FORBES PART TWO: Forbes on Monday continued to adjust its head count for the tough economy, restructuring its sales and marketing divisions. The moves follow Friday’s layoffs that saw the company shutter forbesautos.com and its conference division, and trim head count to a bare-boned staff at forbestraveler.com. In all, 43 people have been laid off across the editorial and business sides during both days’ reorganizations. Forbes Media president and chief executive officer Steve Forbes sent a memo Monday afternoon to staffers outlining the changes, which “will enable us not only to better weather the current economic storm, but to move ahead quickly and profitably when the global economies begin recovering,” he wrote.
The sales divisions for Forbes and forbes.com will now be combined and organized into three different groups: the Brand Intelligence Group, or a handful of Forbes executives focused on meeting senior-level advertisers and marketers to spearhead custom programs, led by Kevin Gentzel, former Web ad sales chief, as president and group publisher of Forbes Media; the Integrated Solutions Group, led by president Mike Woods; and Forbes Media Sales and Service, comprised of the regional sales executives across the company, led by Avery Stirratt and Robert Pietsch, who will serve as co-presidents and chief advertising officers. Forbes conferences will now be integrated into these new sales groups.
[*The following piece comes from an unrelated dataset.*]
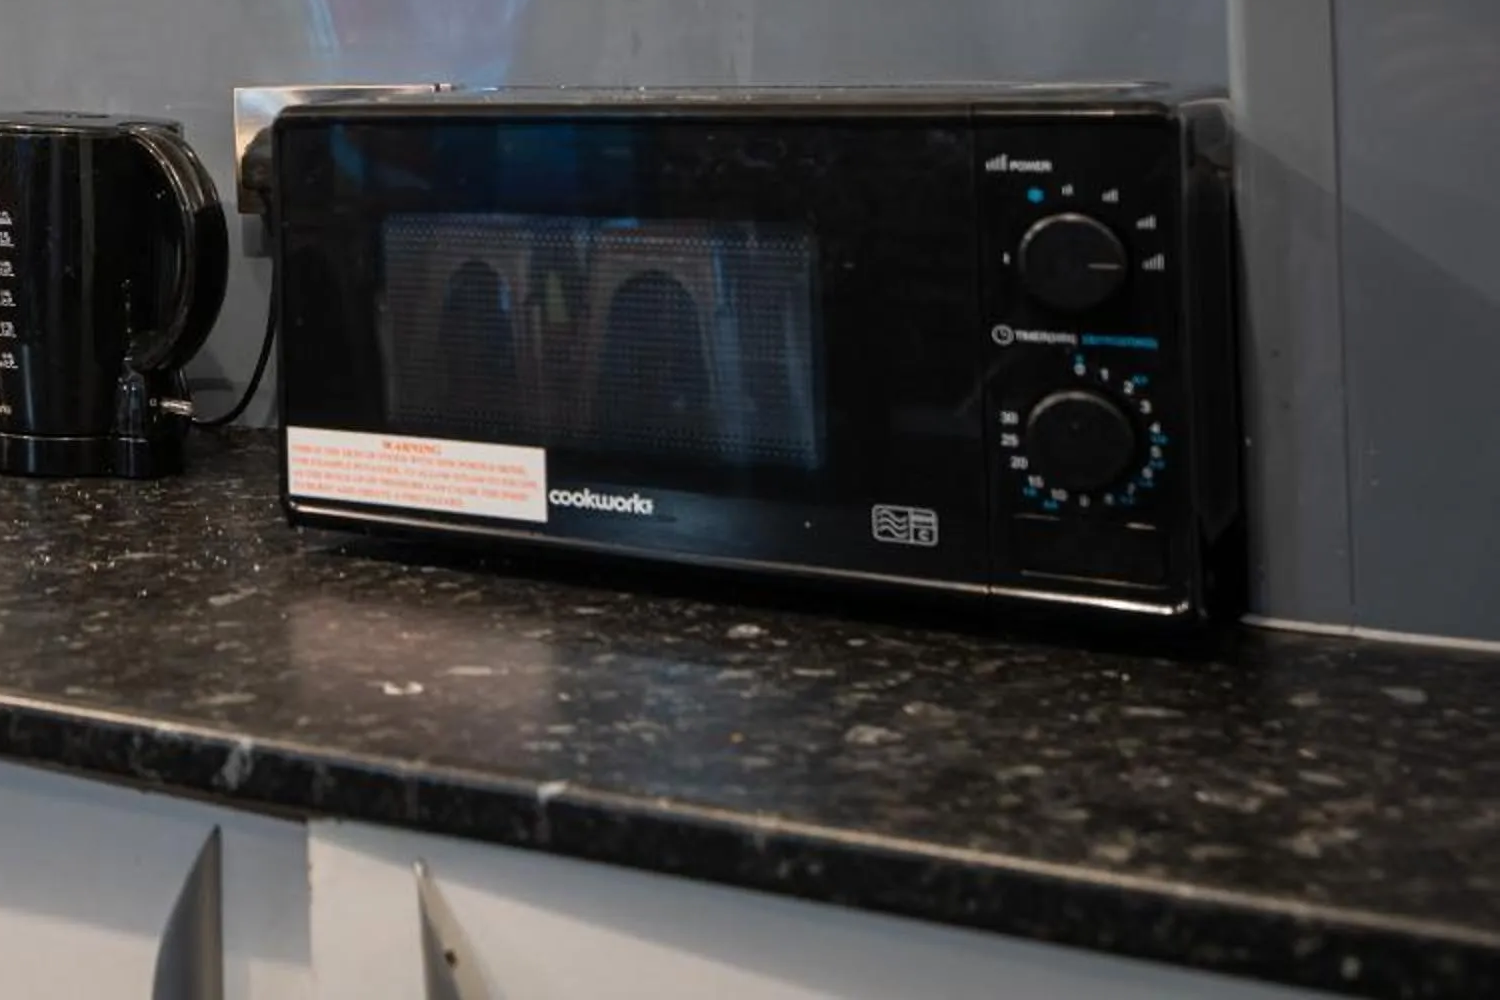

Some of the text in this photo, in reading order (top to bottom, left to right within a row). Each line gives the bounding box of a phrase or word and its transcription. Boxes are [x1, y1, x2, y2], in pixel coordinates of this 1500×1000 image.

Each group leader will report to a newly formed office of the chairman, comprised of Steve Forbes; Timothy Forbes, Forbes Media president and chief operating officer, and Jim Spanfeller, president-ceo of forbes.com.
Though Monday’s consolidation focused on the business side, the edit side is soon to follow, but to what extent is unclear. “We are also strengthening and expanding the editorial integration at both Forbes and forbes.com,” Steve Forbes wrote to staff, and while both sides have shared talent where applicable for some time, “we are in the midst of conversations to discuss ways to truly integrate the great talent in both organizations by sometime in early 2009.” A spokeswoman said plans will not be final for the next stage of editorial consolidation until January.
— Stephanie D. Smith
GAME OVER: The T supplement franchise may be boosting the bottom line at The New York Times, but it appears sports aren’t quite as lucrative as fashion, design or travel. The Times said Monday it would no longer publish Play, its glossy quarterly sports magazine, after the November issue. A spokeswoman confirmed the move, but said no staff reductions would take place as a result, since most of the staffers were freelancers. Play launched in February 2006.
FEWER ADS TO WATCH: The outlook for TV advertising in 2009 isn’t much better than for print, as the Television Bureau of Advertising forecasts total spot ad revenues to decline by between 7 and 11 percent next year compared with this year’s revenues. The figures have been updated by the association since its original advertising outlook in September. The group also forecast that national spot advertising will fall by between 11.5 to 15.5 percent next year, compared with the previous forecast of a 7 to 10 percent decline. The automotive, political, retail, telecom and financial sectors will be key for next year.
— Amy Wicks
DE BEERS DOUBLES UP: De Beers has more than doubled its U.S. consumer marketing budget for the Christmas period in response to the credit crunch. David Lamb, chief strategic officer of Forevermark, the recently-launched De Beers diamond brand, told WWD the company made the decision based on new research showing diamond jewelry will be the number-one gift for the holidays in 2008, and that the majority of women prefer to receive one gift with enduring value, rather than several smaller ones. The campaign will break during Thanksgiving weekend with an “emotional” TV ad, Lamb said, and 128 full-page ads in national and local newspapers such as The New York Times, and magazines including Forbes, Business Week, Fortune and Time. The print ads will feature shots of the company’s leading products, such as diamond studs, and solitaire and three-stone rings, and will be more conversational and philosophical than in the past. Lamb said he believes diamond consumption will continue to thrive as consumers take stock of their priorities — and their belongings. “I don’t think anyone has ever sent diamonds off to Manhattan Mini-Storage,” he said.